Tuesday, June 17, 2008
The Bases are Covered
When our son moved back in my husband gave him two weeks to get a job or he would have to leave home, again. Since it usually takes our son months and months to get a job, I worried. But I felt I should support my husband. Deep down I knew he was right. (C. needs strong motivation to get a job.) My husband said he needed my support on this.
A few days before "kick-out day", I felt uncomfortable with our decision. Our son (C.) had no transportation except the bus and an old bike. I knew he would never make it.
I pictured him on the street...sleeping by the curb...lost...alone...and angry as hell. (sorry--but the word fits)
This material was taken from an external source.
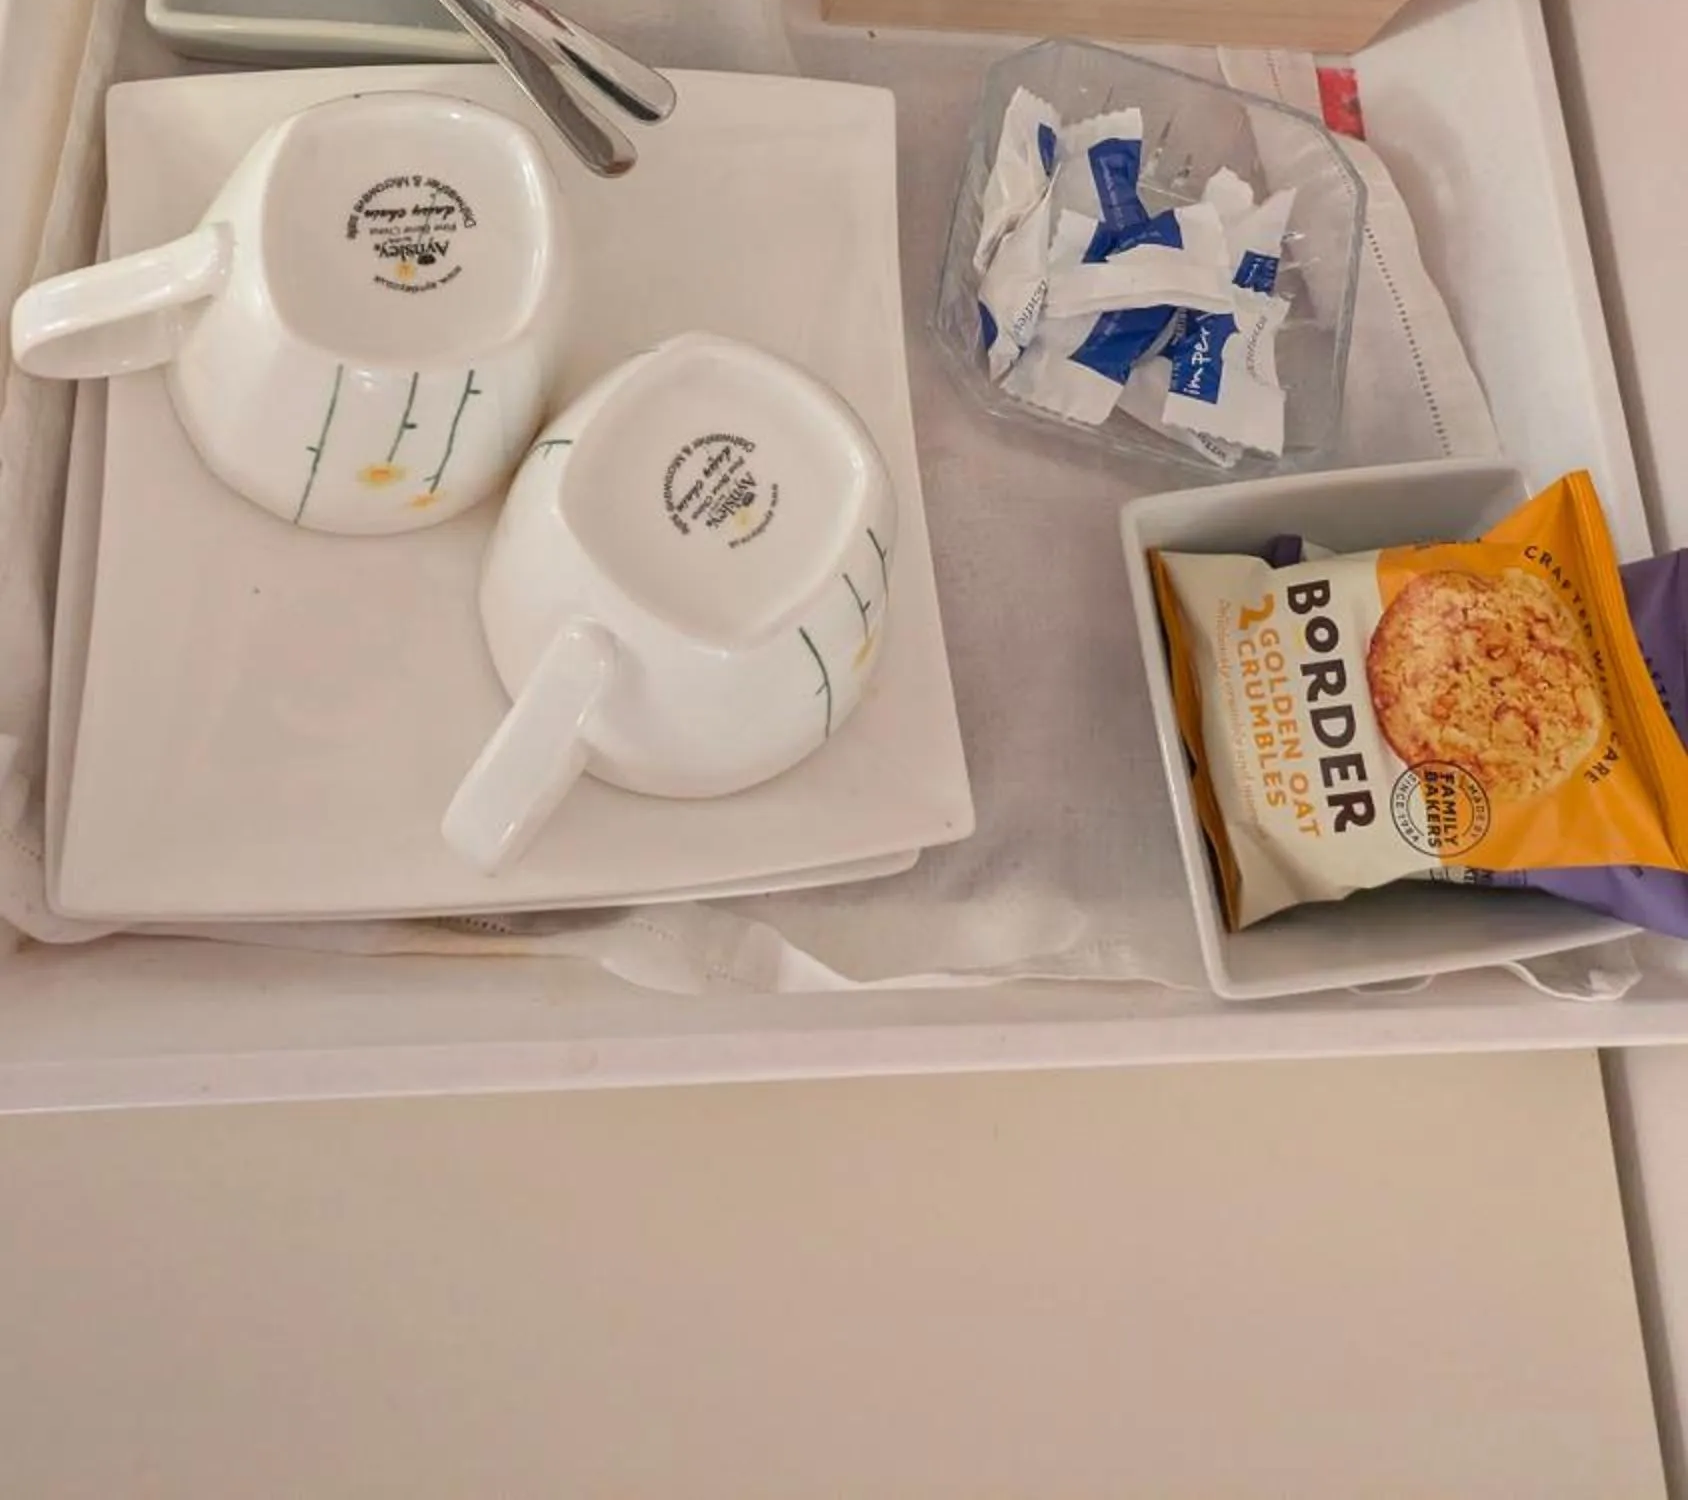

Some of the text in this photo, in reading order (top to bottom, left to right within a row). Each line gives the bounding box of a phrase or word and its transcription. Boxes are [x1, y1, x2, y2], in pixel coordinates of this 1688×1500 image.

So I prayed about it and went and told my husband I felt uncomfortable about our decision. This caused a lot of stress between us. But my word! How can you expect a mother to kick out her own flesh and blood. I pictured him walking the street, with no car...no friends—just the shoes on his feet. How would that help him...especially if the plan entailed him not coming back unless he had a job. Who would hire a unshowered, unshaved, homeless person for a job?
In the end, I told my husband I would support him. I knew I should. But I cringed inside. "Okay God." I'll do this. "You sure expect a lot out of me!"
So as I began to get my mind wrapped around the idea of ousting my son to the street....as I worked on my faith....as my heart pounded while I did my chores....as I endured a few more terse words between husband and wife....
C. bounded in the kitchen door. "Mom! You've got to pray for me!"
I was speechless, as I haven't heard any spiritual words from my son in years.
"I might have a job! I just have to update my resume," he said sitting down at the computer. "How do you spell ______? Is the printer working? I have to hurry...I told him I'd be right back!"
"Do you want me to drive you back?"
"No. It's only a few blocks away. I can even WALK there."
After a few minutes he ran out the door. Later he came back and had the biggest smile on his face. I haven't seen him this happy in a long time.
"I got a job...and I start the day after tomorrow."
He walked up to his brother. "Give me a high five. I got a job!"
It's a place that repairs wheels. Apparently he was riding his bike home and decided on the spur of the moment to swing in and ask if they needed any welding done. The man said that he could use a little welding, but could C. do other things? One thing lead to the next...and he got the job.
As I look back, I see things clearly. I didn't need to worry--and go to my husband and try to change our plan. I didn't have to put my husband and I through so much stress. I didn't need to step out and try to manipulate events to protect my son. God had the bases covered.
And I suppose, that if C. was kicked out to the street---GOD WOULD HAVE THE BASES COVERED.
Often times, so many of us begin to fear...and try to manipulate events...but God has already been walking through our future events...and sorting them out ahead of us.
So, dear friends...rest...trust...breathe...trust some more....struggle....trust some more...and keep remembering. God has your bases covered!
Please pray for C. as he has trouble keeping jobs longer than 2 months. He also is in debt and needs to earn money to get out of debt. But I must remember... God knows about all of this. He has the bases covered!